Les gobelets de Vicarello

Pour célébrer ses 66 printemps, un Américain a couru 1 mile (1,6 km environ) tous les jours pendant un an. Et bu aussi une bière différente tous les jours. Il a donc, selon le site qui mentionne son exploit, couru 3138 km et bu 366 bières. Je n'ai pas recompté, mais ce doit être ça.

Pour mon anniversaire, j'ai d'autres idées, non moins originales, non moins difficiles à réaliser, qui me permettraient non seulement d'arriver au même âge en pleine forme -une forme olympique, si l'épreuve figurait aux prochains Jeux, et s'ils avaient lieu demain-, mais aussi de retrouver mon nom dans les meilleurs sites dédiés au running, voire dans L'Equipe.

Boire un verre de Vicarello, par exemple. Un dernier pour la route. Quatre verres, car c'est un grand âge. Une belle fête. Et si aucun ami ne répond au nom de Sam, j'ai un Raoul qui ferait un excellent Capitaine de soirée. Boire un verre de Vicarello, donc, et même quatre. Boire dedans, et non ce qu'il y a dedans. Ce que j'aimerais, pour mon anniversaire, c'est boire dans un des gobelets d'argent, voire dans les quatre, et qu'importe le contenu, pourvu que j'aie l'ivresse. L'ivresse du voyage.

Ce voyage, il est écrit sur le flacon, et on n'a pas besoin de boire du vin, de la bière ou de la Vicarello pour connaître l'ivresse (ma fille me passait la bouteille d'eau, chaque fois que je lui demandais la Courmayeur, c'était un jeu entre nous, mais un jeu sérieux, pour elle c'était et ça ne serait jamais que de l'eau). Il suffit de le caresser, ce flacon, de le caresser des yeux.
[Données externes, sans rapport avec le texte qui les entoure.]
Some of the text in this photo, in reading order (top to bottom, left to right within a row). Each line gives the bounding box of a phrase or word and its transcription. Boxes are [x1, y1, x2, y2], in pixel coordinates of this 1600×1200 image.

De lire ce qui est écrit dessus et qui est un itinéraire.

On ne se voit pas boire, aujourd'hui, dans un itinéraire. Ou, pour le dire autrement, on n'imagine pas qu'une coupe raconte à celui qui la porte à ses lèvres, qui s'apprête à la vider, tout le chemin qu'elle a fait pour arriver jusqu'à lui. La route suivie, avec les étapes. Les distances. Depuis Gades (Cadix) d'ou elle est partie, jusqu'à Rome où elle allait. En suivant la voie Domitienne et en passant par le col de Montgenèvre. Jusqu'à Rome où elle ne devait pas aller. Du moins pas tout de suite.
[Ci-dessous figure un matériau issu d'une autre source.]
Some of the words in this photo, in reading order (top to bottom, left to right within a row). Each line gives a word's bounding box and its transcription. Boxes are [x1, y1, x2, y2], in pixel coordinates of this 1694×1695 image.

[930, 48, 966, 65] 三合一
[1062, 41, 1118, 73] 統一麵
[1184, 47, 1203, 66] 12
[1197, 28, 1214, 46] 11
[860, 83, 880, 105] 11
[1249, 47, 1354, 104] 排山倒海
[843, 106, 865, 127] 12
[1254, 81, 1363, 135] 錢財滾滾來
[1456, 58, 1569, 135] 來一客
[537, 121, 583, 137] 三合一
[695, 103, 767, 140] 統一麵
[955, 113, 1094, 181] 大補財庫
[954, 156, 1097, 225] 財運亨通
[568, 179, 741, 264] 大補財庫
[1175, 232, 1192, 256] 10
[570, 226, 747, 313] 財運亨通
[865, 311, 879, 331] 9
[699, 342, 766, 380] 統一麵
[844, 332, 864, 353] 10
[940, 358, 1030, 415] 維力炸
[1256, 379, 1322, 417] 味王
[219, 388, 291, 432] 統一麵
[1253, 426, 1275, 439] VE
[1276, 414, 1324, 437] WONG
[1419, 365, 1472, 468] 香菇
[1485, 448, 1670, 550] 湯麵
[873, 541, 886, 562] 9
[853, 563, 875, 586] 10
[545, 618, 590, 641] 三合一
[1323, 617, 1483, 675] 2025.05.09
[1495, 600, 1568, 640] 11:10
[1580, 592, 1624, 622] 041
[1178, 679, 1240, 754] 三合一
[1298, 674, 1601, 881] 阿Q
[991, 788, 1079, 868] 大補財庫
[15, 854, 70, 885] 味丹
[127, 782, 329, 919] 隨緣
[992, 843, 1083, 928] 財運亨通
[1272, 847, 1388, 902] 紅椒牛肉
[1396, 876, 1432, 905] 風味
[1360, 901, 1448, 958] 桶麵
Car ces quatre verres d'argent qui ont la forme, cylindrique et plus ou moins allongée, de bornes milliaires se sont arrêtés à Aquae Apollinares, près du lac de Bracciano, où ils ont été découverts. Dans la roche d'où jaillissent les eaux chaudes et bienfaisantes. Dans les offrandes à Apollon ou aux nymphes. Trois d'entre eux en 1852, le quatrième en 1863. Il leur aura fallu des siècles, et bien que la route fût toute tracée, et plutôt quatre fois qu'une, pour arriver à Rome. Où il sont conservés, au Palazzo Massimo (aux Thermes de Dioclétien), où ils tentent de faire oublier leur longue carrière d'objets votifs pour calmer, en la réveillant, notre soif. Et ils y parviennent!
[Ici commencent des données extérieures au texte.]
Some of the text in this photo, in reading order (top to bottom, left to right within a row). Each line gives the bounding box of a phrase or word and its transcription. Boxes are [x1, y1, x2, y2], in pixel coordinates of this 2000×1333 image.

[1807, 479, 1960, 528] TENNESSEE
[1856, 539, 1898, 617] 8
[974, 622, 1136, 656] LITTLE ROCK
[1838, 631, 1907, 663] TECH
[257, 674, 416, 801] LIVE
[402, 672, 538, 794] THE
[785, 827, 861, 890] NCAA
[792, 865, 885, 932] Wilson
La Pátera de OtañesPlus j'en parle, plus je trouve qu'ils ressemblent à nos gobelets de curistes (on voit les mêmes sur la célèbre Pátera de Otañes, un plat en argent où sont représentés les différents usages qu'on faisait, à l'époque antique et dans ces thermes, des vertus médicinales de l'eau, ainsi que sa commercialisation), à ceux qu'on remplit, timidement, à la Bourboule ou à Plombières, et qu'on a un peu de mal à avaler. Comme toutes ces informations (sur une si petite surface!). Et ces kilomètres: 2.723,2 km, si mes calculs sont bons. Ces quatre gobelets constituent un précieux document, et d'une grande fiabilité, cependant il faut savoir que c'est une cure qu'on entame avec eux, et pas uniquement de jouvence.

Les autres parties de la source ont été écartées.